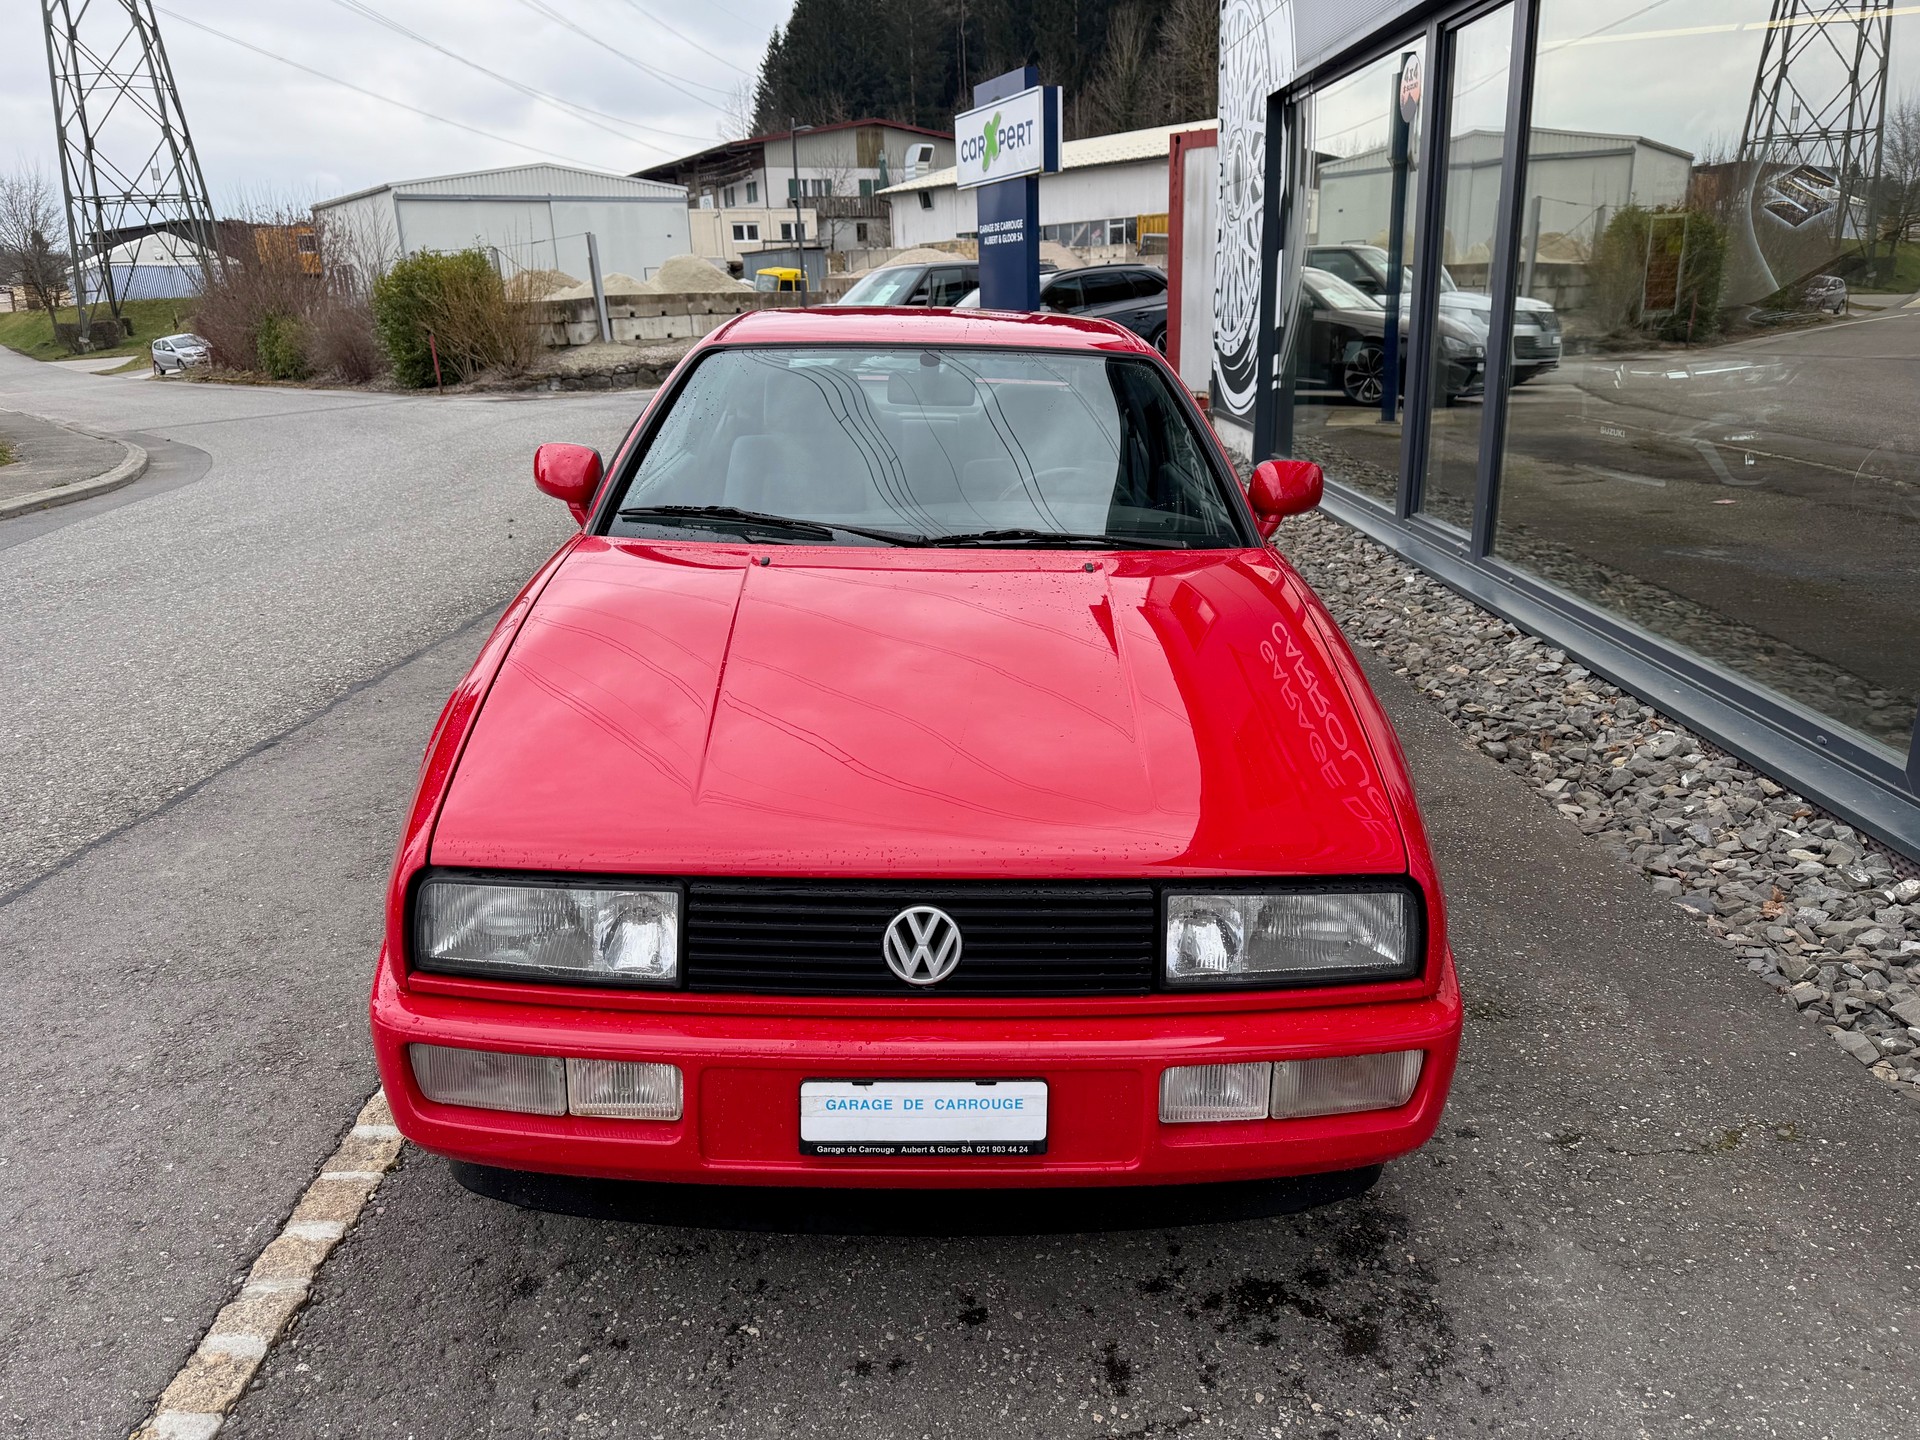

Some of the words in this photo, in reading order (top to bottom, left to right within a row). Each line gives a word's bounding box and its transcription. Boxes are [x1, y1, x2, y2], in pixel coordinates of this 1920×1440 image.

[979, 223, 995, 235] GARAGE
[1000, 219, 1024, 231] CARROUGE
[984, 234, 999, 246] AUBERT
[1600, 426, 1626, 438] SUZUKI
[885, 907, 961, 983] VW
[825, 1098, 893, 1111] GARAGE
[903, 1098, 924, 1111] DE
[934, 1098, 1024, 1111] CARROUGE
[817, 1145, 846, 1155] Garage
[847, 1145, 857, 1154] de
[858, 1145, 895, 1155] Carrouge
[901, 1145, 928, 1154] Aubert
[930, 1145, 936, 1154] &
[937, 1145, 959, 1154] Gloor
[961, 1145, 973, 1154] SA
[976, 1145, 990, 1154] 021
[991, 1145, 1006, 1154] 903
[1007, 1145, 1018, 1154] 44
[1019, 1145, 1029, 1154] 24
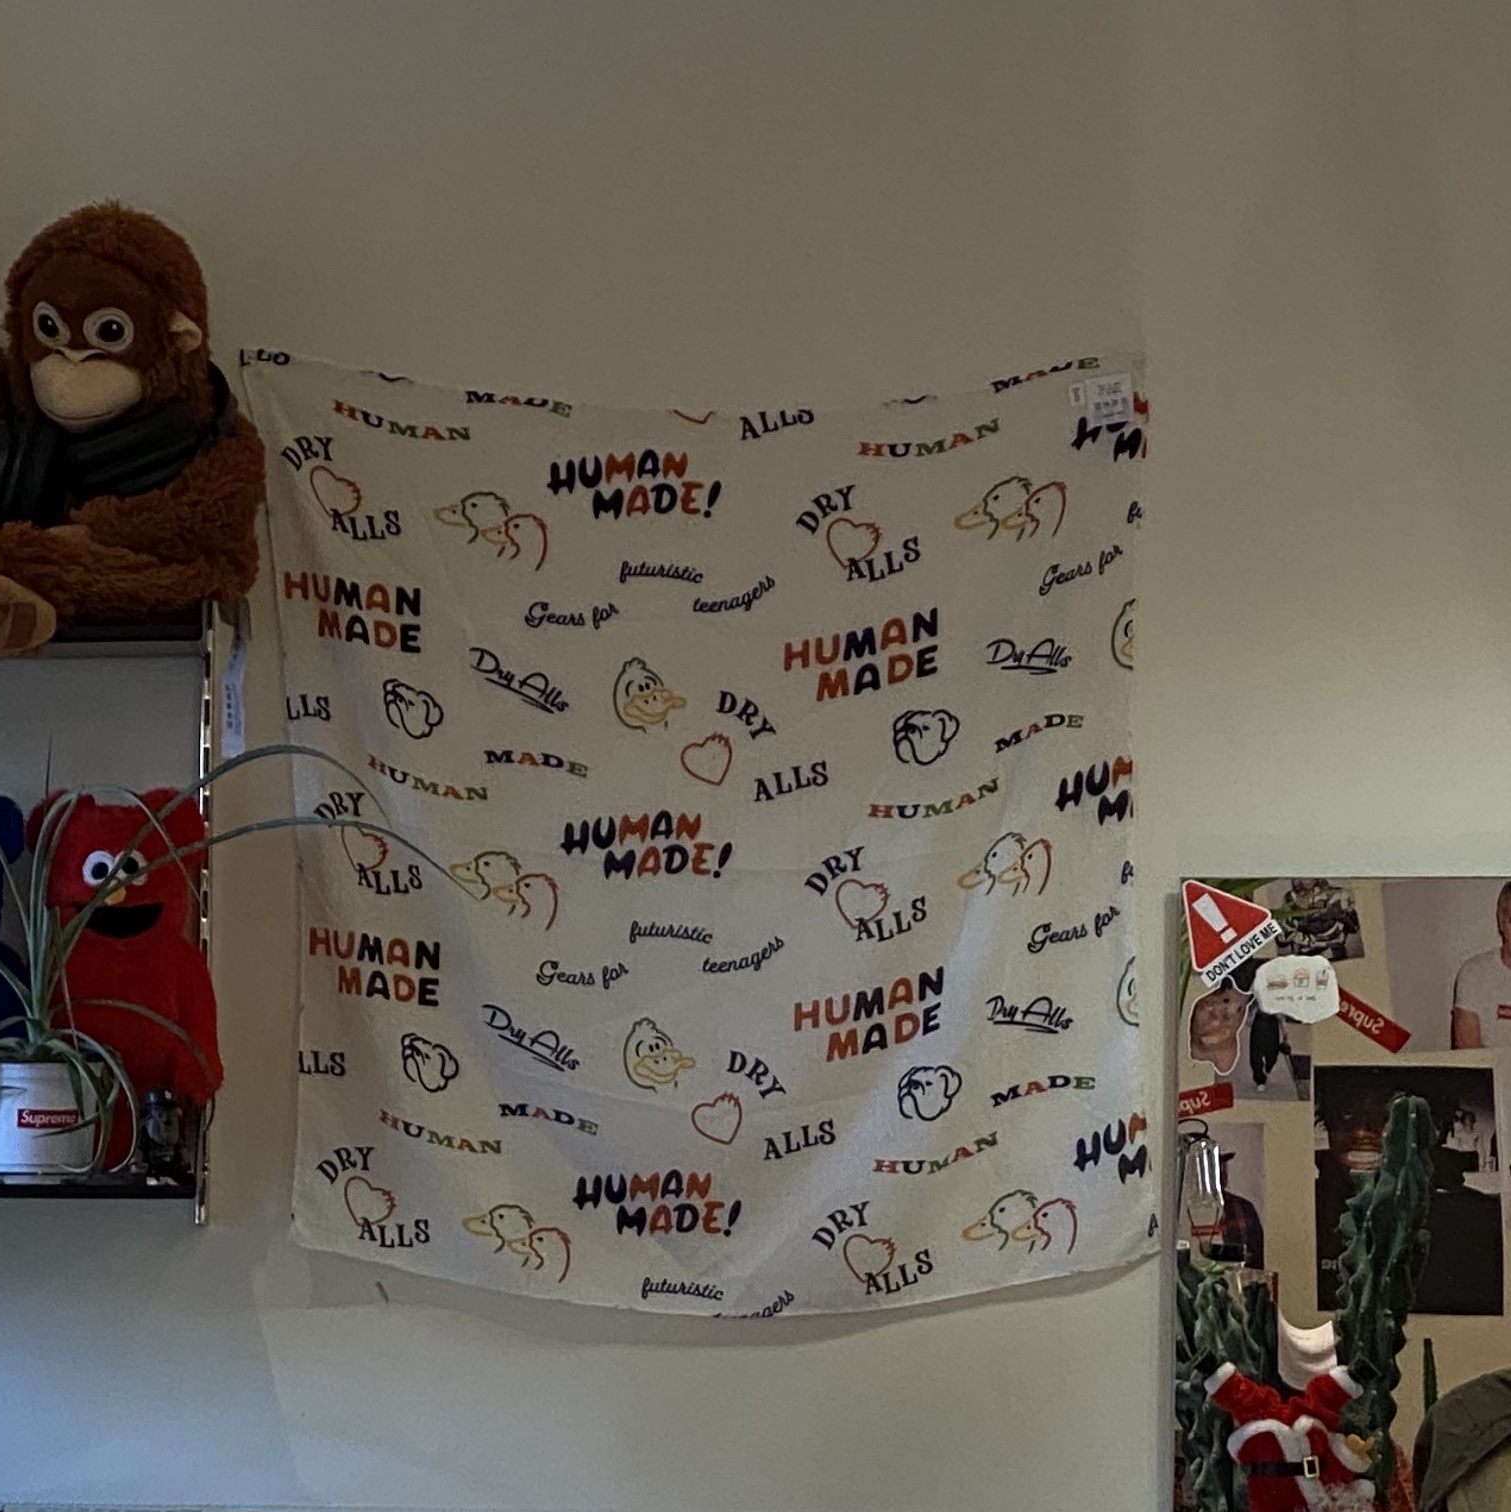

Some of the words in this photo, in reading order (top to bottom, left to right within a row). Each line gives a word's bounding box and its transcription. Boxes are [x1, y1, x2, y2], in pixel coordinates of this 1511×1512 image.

What you should do:
Copy each record exactly. Leave any images out of the copy.

Solution for this task:
Some of the words in this photo, in reading order (top to bottom, left to right within a row). Each line gives a word's bounding box and its transcription. Boxes are [x1, y1, x2, y2], in pixel coordinates of this 1920×1440 image.

[979, 223, 995, 235] GARAGE
[1000, 219, 1024, 231] CARROUGE
[984, 234, 999, 246] AUBERT
[1600, 426, 1626, 438] SUZUKI
[885, 907, 961, 983] VW
[825, 1098, 893, 1111] GARAGE
[903, 1098, 924, 1111] DE
[934, 1098, 1024, 1111] CARROUGE
[817, 1145, 846, 1155] Garage
[847, 1145, 857, 1154] de
[858, 1145, 895, 1155] Carrouge
[901, 1145, 928, 1154] Aubert
[930, 1145, 936, 1154] &
[937, 1145, 959, 1154] Gloor
[961, 1145, 973, 1154] SA
[976, 1145, 990, 1154] 021
[991, 1145, 1006, 1154] 903
[1007, 1145, 1018, 1154] 44
[1019, 1145, 1029, 1154] 24

Some of the words in this photo, in reading order (top to bottom, left to right within a row). Each line gives a word's bounding box and its transcription. Boxes are [x1, y1, x2, y2], in pixel coordinates of this 1511×1512 image.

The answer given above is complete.